In the Bahamas on Royal Island, we're doing a course with Roger Staubach, which will have 18 holes along the ocean. There's no housing. No nothing. We're taking the eastern end of the island and it will be all golf. It will be spectacular. We were supposed to start construction this coming year but it depends on what this economy does. They have a lot invested in the island and I think the project's going to go. It's just a matter of when.
Are there parts of this planet that are out of bounds -- where you're not interested in going because there are health concerns or safety issues?
Antarctica and Artic. I don't think there would be too many good courses there.
The vaccinations you must need...
We don't have much of that. I did that years ago. I keep my boosters up. I've been doing that for a long time. But we do travel. Where have I gone lately? We've done quite a bit in Southern Africa. We looked at properties in Zimbabwe, Namibia, but I have not done any courses there. Another project that looks like it's going to go is in Mauritius. Northern Africa, we have courses in Morocco, prospective projects in Tunisia, Libya and Egypt.
There's nothing in the middle of Africa. We had one about 15 years ago in Zaire, where Mobutu was, where he got overthrown. He was going to do a head of state place and we were going to do the golf course and of course it never happened. Through the Middle East we're in Dubai and Abu Dhabi. We've had proposals from Israel, Jordan, just off the coast of Lebanon -- we have a project on Cyprus and Turkey, Greece, two-thirds of all the Eastern Bloc Countries we've got projects.
Do you ever let politics factor into your decision to go to these places?
I've never had an issue any place I've gone. Do I watch what I'm doing? Sure. There are a couple of places I'm not wild about. There are places you couldn't get me back to with a team of wild horses, but I'd rather not name those.
Have you had the chance to talk design with Tiger?
No. I wouldn't think so. Tiger, at this point in time, wouldn't know anything about design. He knows how to play golf and he knows what a golf course looks like. But it was no different than when I was his age and starting out -- I wouldn't know anything about design. If he decides to get involved he'll learn. He's a smart kid and it depends on how much he wants to get involved. He won't know how to do it, but he'll learn. It will take him seven or eight golf courses before he'll learn enough before he'll really be able to talk about it intelligently.
Is there one piece of design advice you'd pass on?

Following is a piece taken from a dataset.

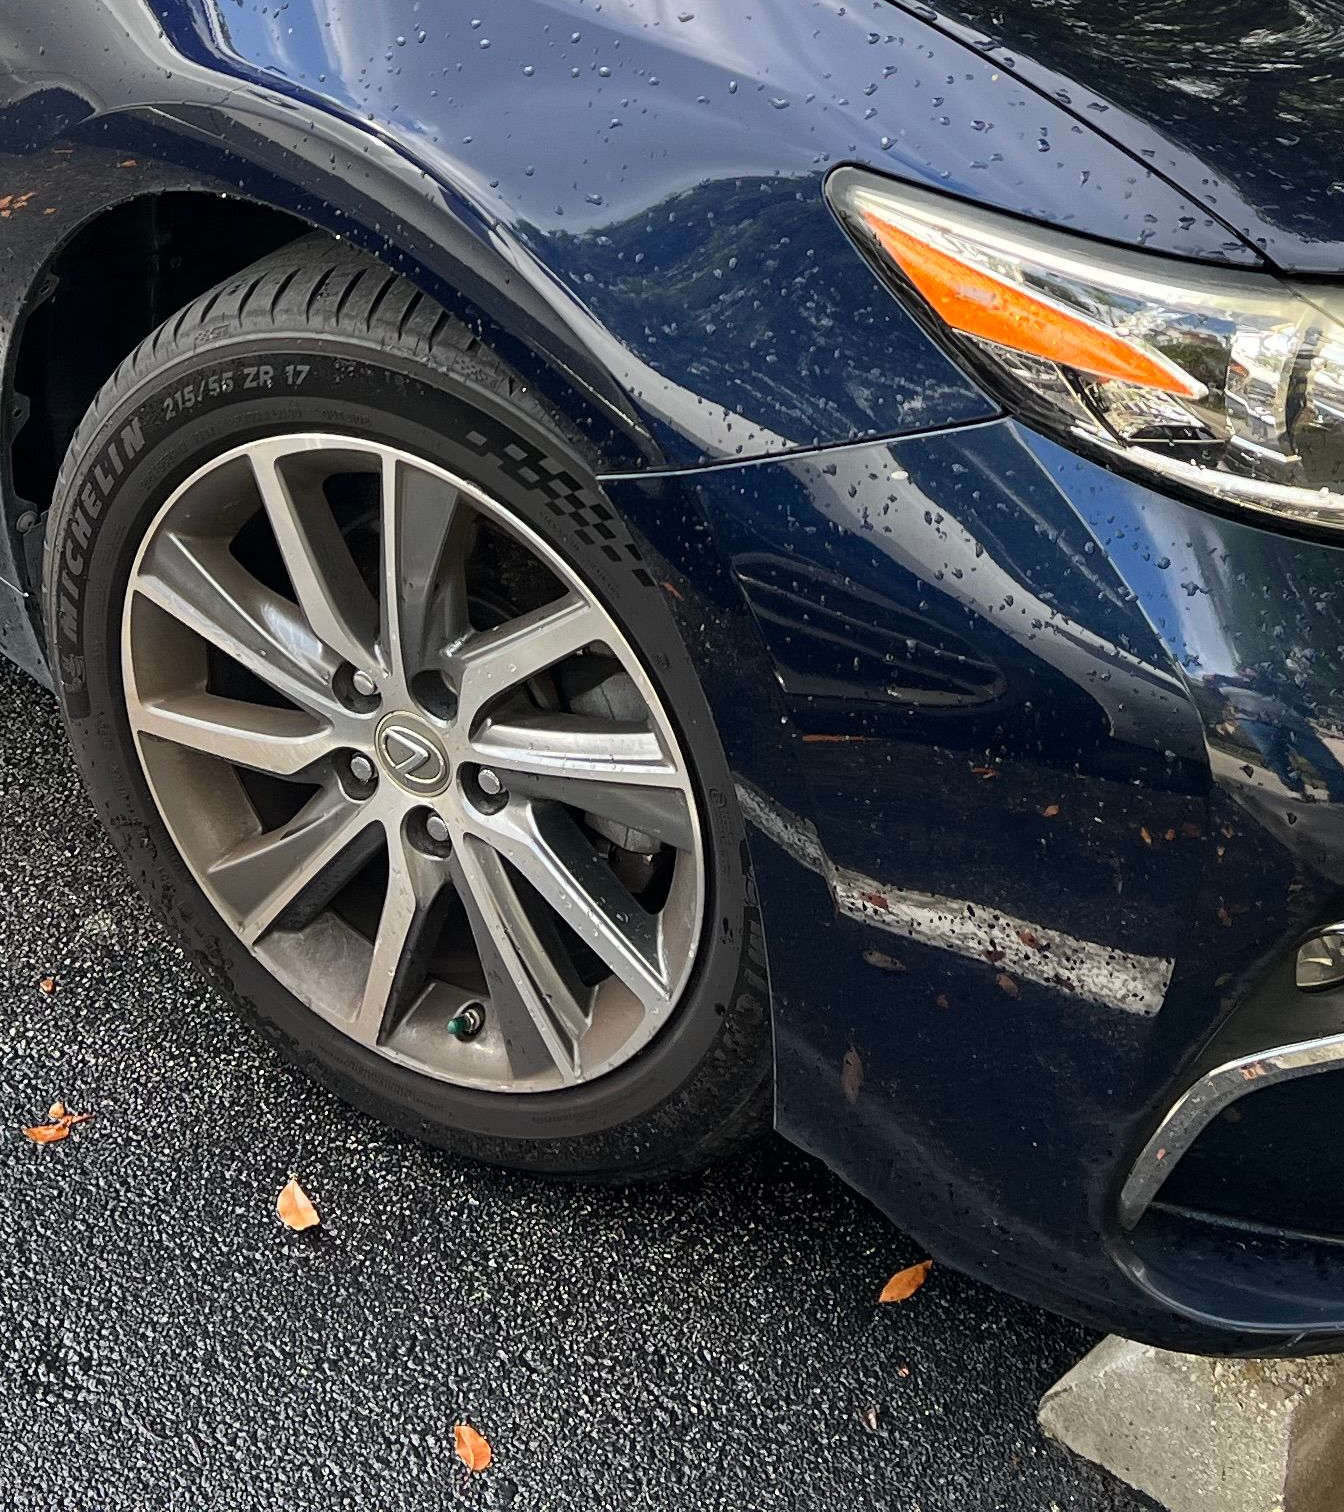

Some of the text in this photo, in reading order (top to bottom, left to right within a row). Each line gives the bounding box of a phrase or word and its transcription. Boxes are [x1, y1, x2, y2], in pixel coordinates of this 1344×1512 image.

[163, 371, 234, 421] 215/55
[243, 365, 274, 389] ZR
[286, 365, 310, 385] 17
[59, 416, 146, 644] MICHELIN
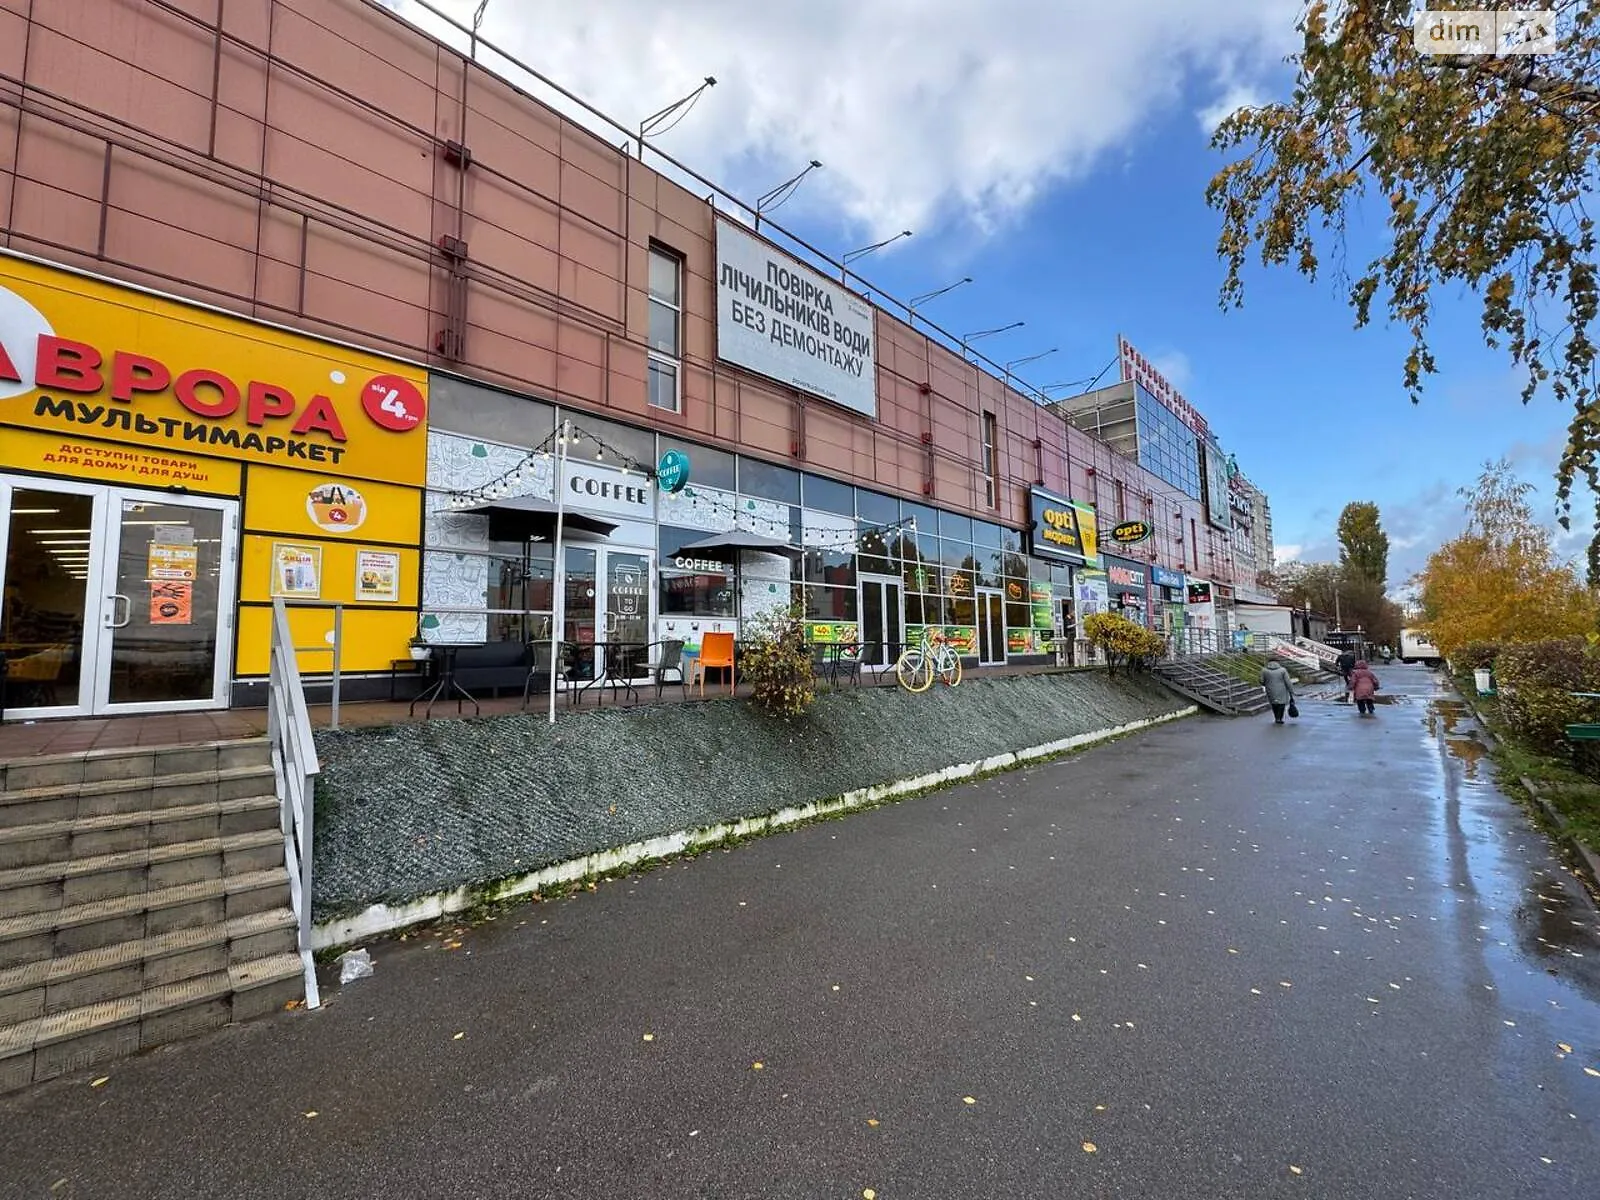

I would say, listen as much as you can. Take in as much as you can because there's probably nothing new in design. It's just how you apply it and how you learn it. Pete Dye started out as an insurance salesman in Indiana and started fiddling around with Indianapolis Country Club. And then people started asking him to do different things. How long did it take him to learn? It took him quite awhile, but I'll tell you he just kept learning and learning and learning. And if Tiger, if we wishes to be involved, he'll just learn and learn and learn. But now, good gracious, he has a lot of years to go play golf and so my guess is he's not going to do a lot right now. But we welcome him. I welcome him with open arms. Anytime you get the kind of fees he does it raises the bar for everybody else, so that's OK.
What's the best piece of property you've ever worked with?
Properties are, in many cases, location. If you have any creativity you ought to be able to create what you want. The ability to be able to create within sand gives you a lot more flexibility. Sebonack was one of those. St. Francis Links in South Africa was one of those. Dismal River in Nebraska was one of those. Dismal River was probably the most minimalist golf course I've ever done. We moved less than 5,000 yards of dirt on the whole golf course. And I'd say that 4,000 of it was on one little knob we took out on a partially blind par 3.